A new poll suggests that 60% of New Zealanders are in favour of legalizing cannabis at the referendum set to take place next year.

Kiwis will go to the polls to elect a new government in 2020 and they will also be able to decide whether or not the country should legalize cannabis for recreational use. Only a handful of countries, including Canada and Uruguay, permit marijuana for non-medicinal use, but many New Zealanders are already enjoying cannabis on a regular basis.

300,000 adults in New Zealand use marijuana on a daily basis. Among those polled, 60% said they would vote yes, 24% said no and the remaining 16% had no opinion.

The survey from Horizon Research, commissioned by licensed medicinal cannabis company Helius Therapeutics, found that 300,000 adults in New Zealand use marijuana on a daily basis. Among those polled, 60% said they would vote yes, 24% said no and the remaining 16% had no opinion.

That suggests there is a lot more support for a yes vote and that there is a very real chance of the legislation passing in 2020. It is the first survey conducted since the government announced that the referendum would take place at the same time as the next general election and that it would be legally binding.

A further 81% of the 1,000 people polled said they continue to support medicinal cannabis, which was legalized in December 2018.

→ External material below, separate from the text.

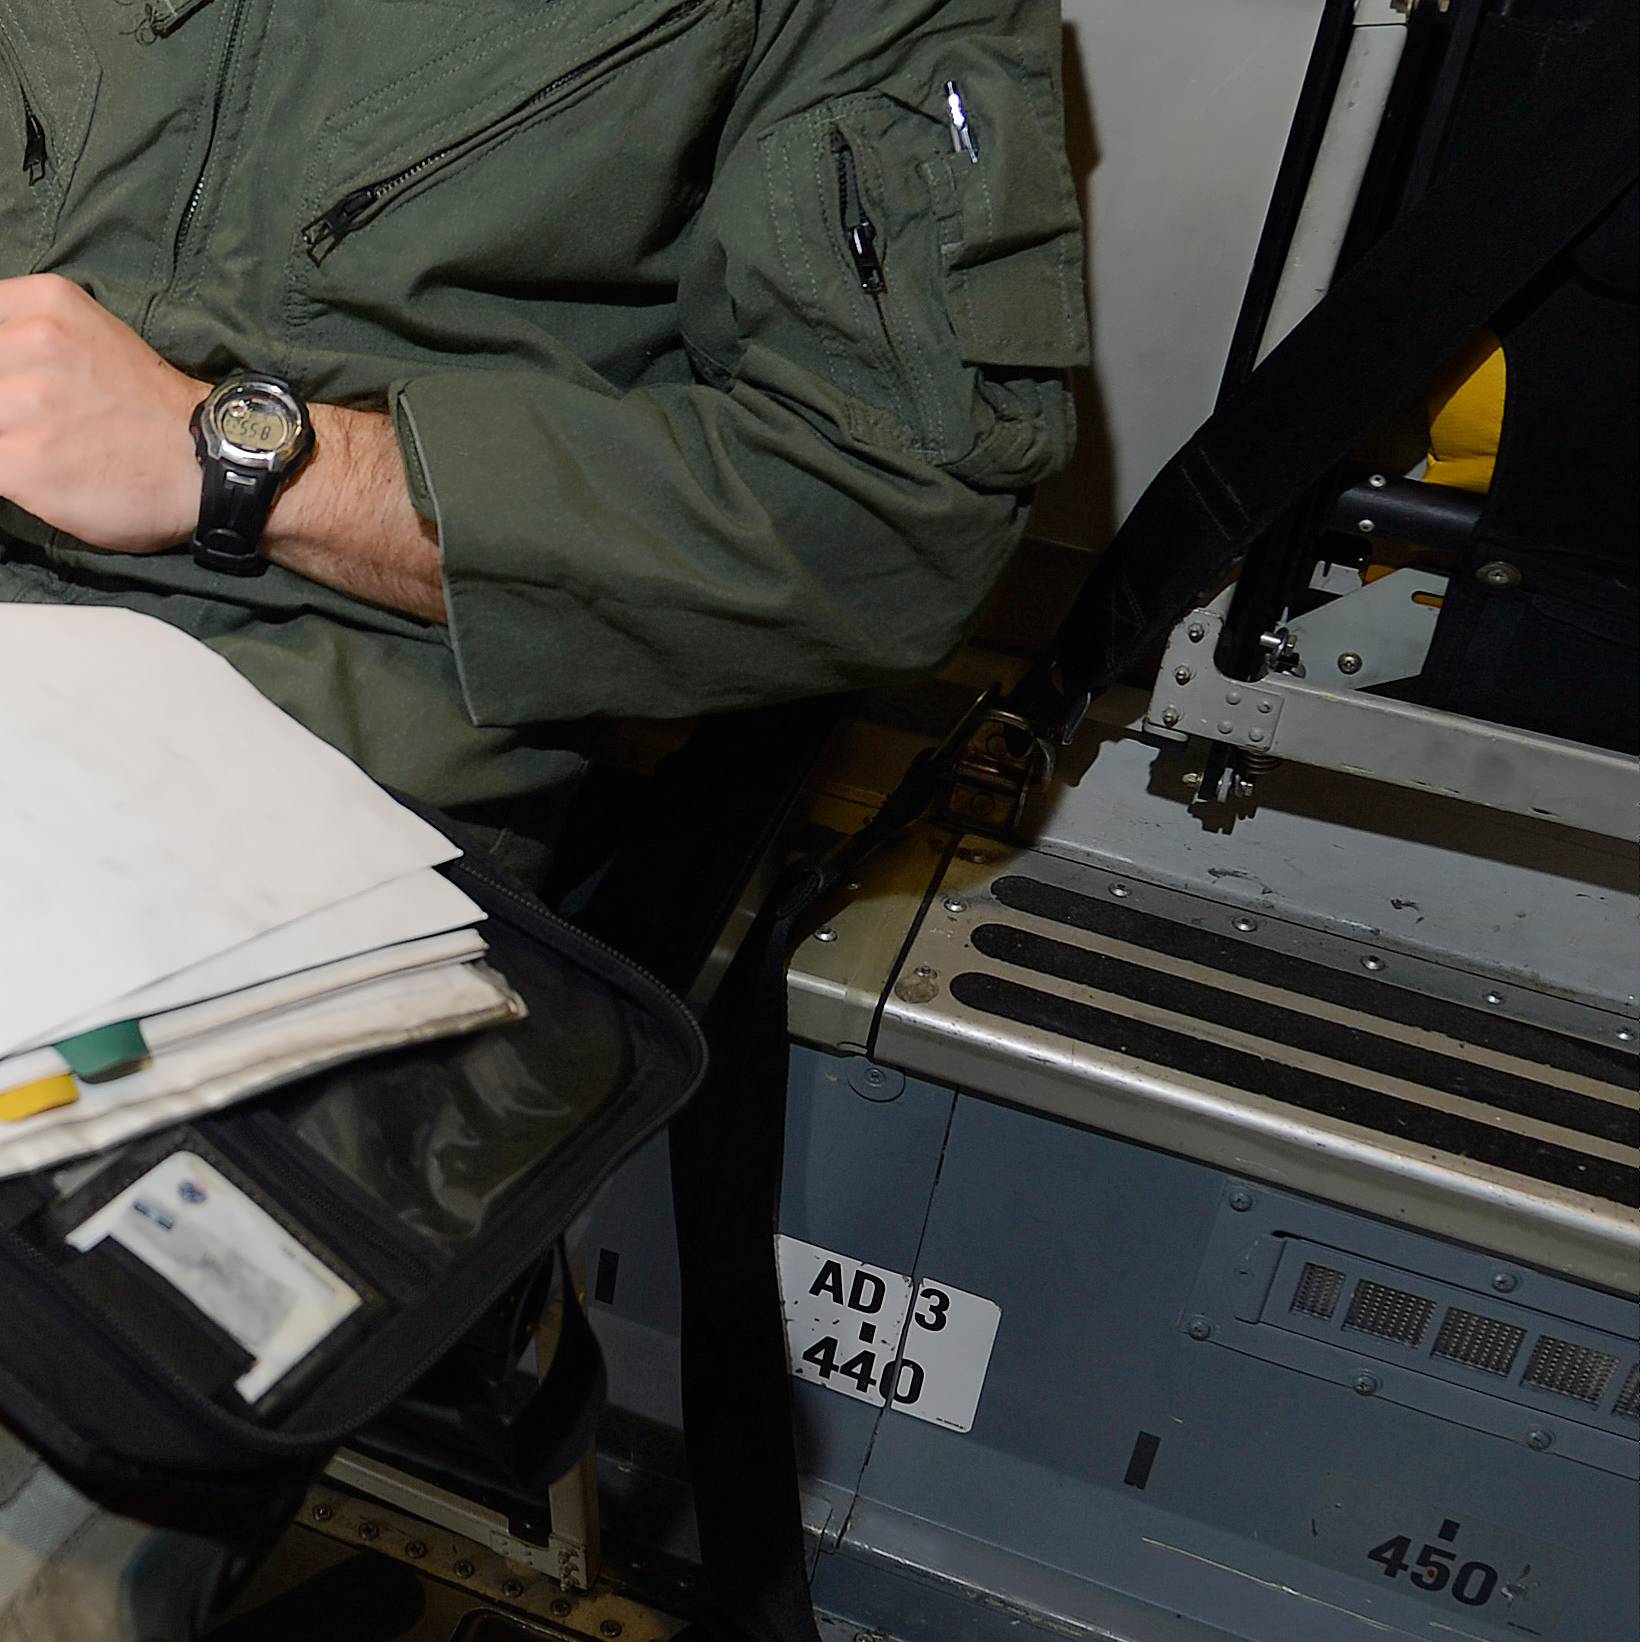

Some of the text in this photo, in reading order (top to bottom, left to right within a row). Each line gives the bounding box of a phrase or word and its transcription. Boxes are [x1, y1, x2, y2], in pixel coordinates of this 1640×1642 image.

[808, 1259, 951, 1333] AD 3
[801, 1335, 926, 1406] 440
[1366, 1534, 1500, 1607] 450

“It appears a majority of New Zealanders will vote yes at the 2020 referendum,” says Helius executive director Paul Manning. “It’s also encouraging for us to see an overwhelming 81% of Kiwis continue to support the legal production of medicines from cannabis.”

Helius is aiming to become a market leader in New Zealand after being granted a license to create the country’s largest cannabis cultivation facility in the wake of raising NZ$15 million ($9.8 million) in capital.

Over the Tasman Sea, neighbouring Australia is already rolling out a burgeoning medicinal cannabis trade. It is also one of just a handful of countries to permit exports of cannabis, and it is starting to muscle into the German market.

Germany legalized medicinal cannabis in May 2016, but it has completely relied on imports as a state-regulated program to cultivate the crop has been held up in a sea of red tape. It imported 1.8 tons in the first half of 2018 and 60% came from Canada, while the other 40% came from The Netherlands.

But now Medical Cannabis Australia has tied up an export deal with German pharmaceutical research firm Lexamed GmbH to send clones over for research purposes, with a view to selling Australian cannabis across the country. Karlsruhe-based Lexamed GmbH recently announced a deal with Sativa Investments PLC (NEX: SATI), the UK’s first medicinal cannabis investment vehicle, to bring British cannabis to Germany.

It shows an appetite among various developed countries to rival Canada when it comes to exporting into Europe, which is projected to be the fastest growing region in the global cannabis market over the next five years, and New Zealand will also want a piece of the action. Kiwi producers can now apply for export licenses, with a fee costing just $194.22, and New Zealand could end up as a major player in the global market, as it has favourable growing conditions and expertise in exporting wine and other goods around the world.